(Saved entries)
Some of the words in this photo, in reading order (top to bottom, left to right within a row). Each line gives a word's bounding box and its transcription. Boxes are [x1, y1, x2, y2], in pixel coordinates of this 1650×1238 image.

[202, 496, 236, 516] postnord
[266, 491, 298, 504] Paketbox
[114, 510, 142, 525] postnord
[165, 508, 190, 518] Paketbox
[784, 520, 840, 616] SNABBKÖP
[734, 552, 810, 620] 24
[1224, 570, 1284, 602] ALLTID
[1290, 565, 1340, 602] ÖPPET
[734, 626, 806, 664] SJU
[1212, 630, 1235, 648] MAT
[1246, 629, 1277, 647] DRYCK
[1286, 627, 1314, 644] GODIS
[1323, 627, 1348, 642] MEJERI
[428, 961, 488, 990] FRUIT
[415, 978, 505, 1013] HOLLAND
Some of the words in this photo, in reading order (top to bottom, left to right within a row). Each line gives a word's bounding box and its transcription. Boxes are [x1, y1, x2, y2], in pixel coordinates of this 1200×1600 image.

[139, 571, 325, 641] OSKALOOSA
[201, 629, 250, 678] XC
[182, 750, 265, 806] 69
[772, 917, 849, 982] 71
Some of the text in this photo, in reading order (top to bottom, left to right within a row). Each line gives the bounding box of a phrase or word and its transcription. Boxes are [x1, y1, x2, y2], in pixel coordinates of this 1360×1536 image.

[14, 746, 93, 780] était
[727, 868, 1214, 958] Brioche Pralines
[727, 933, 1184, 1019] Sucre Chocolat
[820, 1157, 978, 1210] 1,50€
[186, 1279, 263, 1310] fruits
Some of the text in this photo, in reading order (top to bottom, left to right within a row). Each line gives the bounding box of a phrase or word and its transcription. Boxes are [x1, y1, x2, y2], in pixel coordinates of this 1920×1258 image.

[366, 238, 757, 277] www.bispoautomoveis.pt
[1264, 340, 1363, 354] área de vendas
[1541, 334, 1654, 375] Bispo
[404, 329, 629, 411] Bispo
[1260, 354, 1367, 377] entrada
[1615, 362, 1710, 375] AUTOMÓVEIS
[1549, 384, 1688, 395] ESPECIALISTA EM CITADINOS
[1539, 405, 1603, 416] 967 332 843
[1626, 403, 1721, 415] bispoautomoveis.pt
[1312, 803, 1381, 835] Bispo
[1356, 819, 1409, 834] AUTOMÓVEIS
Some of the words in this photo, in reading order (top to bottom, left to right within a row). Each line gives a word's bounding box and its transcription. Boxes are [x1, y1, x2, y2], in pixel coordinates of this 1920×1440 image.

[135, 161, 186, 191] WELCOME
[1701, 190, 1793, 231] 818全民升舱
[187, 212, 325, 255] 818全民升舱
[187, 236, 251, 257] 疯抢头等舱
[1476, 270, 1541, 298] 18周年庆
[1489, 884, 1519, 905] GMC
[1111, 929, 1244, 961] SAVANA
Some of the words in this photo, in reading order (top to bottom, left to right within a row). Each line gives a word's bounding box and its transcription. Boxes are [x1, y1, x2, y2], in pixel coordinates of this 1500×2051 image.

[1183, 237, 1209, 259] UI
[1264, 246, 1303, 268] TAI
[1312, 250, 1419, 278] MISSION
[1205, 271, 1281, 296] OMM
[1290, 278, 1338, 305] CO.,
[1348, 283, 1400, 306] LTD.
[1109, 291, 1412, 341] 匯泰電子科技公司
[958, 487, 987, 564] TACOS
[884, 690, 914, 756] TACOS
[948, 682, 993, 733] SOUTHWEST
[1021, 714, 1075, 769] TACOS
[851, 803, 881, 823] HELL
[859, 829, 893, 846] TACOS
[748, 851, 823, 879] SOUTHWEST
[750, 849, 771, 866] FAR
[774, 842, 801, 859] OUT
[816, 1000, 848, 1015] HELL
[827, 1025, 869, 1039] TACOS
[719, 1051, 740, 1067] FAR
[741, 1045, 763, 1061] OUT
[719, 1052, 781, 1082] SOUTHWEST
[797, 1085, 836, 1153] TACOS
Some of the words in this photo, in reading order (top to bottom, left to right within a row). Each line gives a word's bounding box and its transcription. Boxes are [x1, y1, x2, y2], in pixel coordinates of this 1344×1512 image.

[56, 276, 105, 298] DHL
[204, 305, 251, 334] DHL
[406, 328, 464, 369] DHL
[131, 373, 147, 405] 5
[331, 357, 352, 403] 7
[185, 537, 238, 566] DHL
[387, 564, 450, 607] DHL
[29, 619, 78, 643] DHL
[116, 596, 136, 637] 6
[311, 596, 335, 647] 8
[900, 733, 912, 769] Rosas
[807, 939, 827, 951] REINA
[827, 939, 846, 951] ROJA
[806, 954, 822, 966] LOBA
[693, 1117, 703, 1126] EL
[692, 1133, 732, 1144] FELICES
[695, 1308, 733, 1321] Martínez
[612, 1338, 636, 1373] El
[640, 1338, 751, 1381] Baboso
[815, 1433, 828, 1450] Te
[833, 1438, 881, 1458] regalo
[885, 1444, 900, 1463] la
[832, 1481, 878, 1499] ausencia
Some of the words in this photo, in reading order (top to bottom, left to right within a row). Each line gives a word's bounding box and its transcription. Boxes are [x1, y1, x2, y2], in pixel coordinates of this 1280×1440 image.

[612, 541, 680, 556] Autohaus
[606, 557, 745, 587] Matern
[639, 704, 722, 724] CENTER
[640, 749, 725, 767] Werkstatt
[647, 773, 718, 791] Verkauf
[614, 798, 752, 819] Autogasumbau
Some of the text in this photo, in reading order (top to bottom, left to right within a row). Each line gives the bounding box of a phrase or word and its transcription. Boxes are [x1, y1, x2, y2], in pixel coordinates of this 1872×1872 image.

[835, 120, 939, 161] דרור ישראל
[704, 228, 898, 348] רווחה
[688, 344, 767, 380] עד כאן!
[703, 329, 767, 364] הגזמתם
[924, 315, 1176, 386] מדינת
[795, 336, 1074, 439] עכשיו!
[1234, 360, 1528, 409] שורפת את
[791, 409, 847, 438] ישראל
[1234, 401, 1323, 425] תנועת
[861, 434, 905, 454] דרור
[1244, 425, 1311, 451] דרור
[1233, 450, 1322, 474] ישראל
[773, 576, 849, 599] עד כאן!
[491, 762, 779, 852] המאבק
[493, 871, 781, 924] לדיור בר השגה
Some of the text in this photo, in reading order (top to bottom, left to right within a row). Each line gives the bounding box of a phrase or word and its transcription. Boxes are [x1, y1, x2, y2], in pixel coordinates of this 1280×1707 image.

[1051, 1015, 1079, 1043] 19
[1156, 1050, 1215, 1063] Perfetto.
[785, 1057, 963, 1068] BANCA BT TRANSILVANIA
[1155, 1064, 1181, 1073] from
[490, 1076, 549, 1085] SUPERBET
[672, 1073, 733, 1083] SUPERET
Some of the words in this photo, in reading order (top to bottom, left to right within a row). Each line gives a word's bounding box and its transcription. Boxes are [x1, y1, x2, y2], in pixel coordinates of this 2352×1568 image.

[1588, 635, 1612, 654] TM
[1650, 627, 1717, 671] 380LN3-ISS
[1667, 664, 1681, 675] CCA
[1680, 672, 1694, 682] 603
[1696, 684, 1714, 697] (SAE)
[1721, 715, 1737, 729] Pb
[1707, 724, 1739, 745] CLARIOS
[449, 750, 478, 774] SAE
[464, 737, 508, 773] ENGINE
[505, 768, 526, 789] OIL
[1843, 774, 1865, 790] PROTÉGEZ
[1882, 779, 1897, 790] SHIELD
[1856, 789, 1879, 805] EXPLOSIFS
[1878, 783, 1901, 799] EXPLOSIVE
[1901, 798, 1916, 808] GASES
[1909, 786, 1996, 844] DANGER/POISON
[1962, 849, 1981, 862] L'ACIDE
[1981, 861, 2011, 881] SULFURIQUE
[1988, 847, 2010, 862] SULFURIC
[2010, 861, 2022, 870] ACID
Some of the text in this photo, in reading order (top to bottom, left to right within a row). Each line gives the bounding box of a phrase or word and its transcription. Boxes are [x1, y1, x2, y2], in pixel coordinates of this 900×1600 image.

__Assigned task__. Give back only the lines from the one containing "this 2352×1568 image." through the final line of the entries above, exactly as written, both included.

__Answer to the problem__.
Some of the words in this photo, in reading order (top to bottom, left to right within a row). Each line gives a word's bounding box and its transcription. Boxes are [x1, y1, x2, y2], in pixel coordinates of this 2352×1568 image.

[1588, 635, 1612, 654] TM
[1650, 627, 1717, 671] 380LN3-ISS
[1667, 664, 1681, 675] CCA
[1680, 672, 1694, 682] 603
[1696, 684, 1714, 697] (SAE)
[1721, 715, 1737, 729] Pb
[1707, 724, 1739, 745] CLARIOS
[449, 750, 478, 774] SAE
[464, 737, 508, 773] ENGINE
[505, 768, 526, 789] OIL
[1843, 774, 1865, 790] PROTÉGEZ
[1882, 779, 1897, 790] SHIELD
[1856, 789, 1879, 805] EXPLOSIFS
[1878, 783, 1901, 799] EXPLOSIVE
[1901, 798, 1916, 808] GASES
[1909, 786, 1996, 844] DANGER/POISON
[1962, 849, 1981, 862] L'ACIDE
[1981, 861, 2011, 881] SULFURIQUE
[1988, 847, 2010, 862] SULFURIC
[2010, 861, 2022, 870] ACID
Some of the text in this photo, in reading order (top to bottom, left to right within a row). Each line gives the bounding box of a phrase or word and its transcription. Boxes are [x1, y1, x2, y2], in pixel coordinates of this 900×1600 image.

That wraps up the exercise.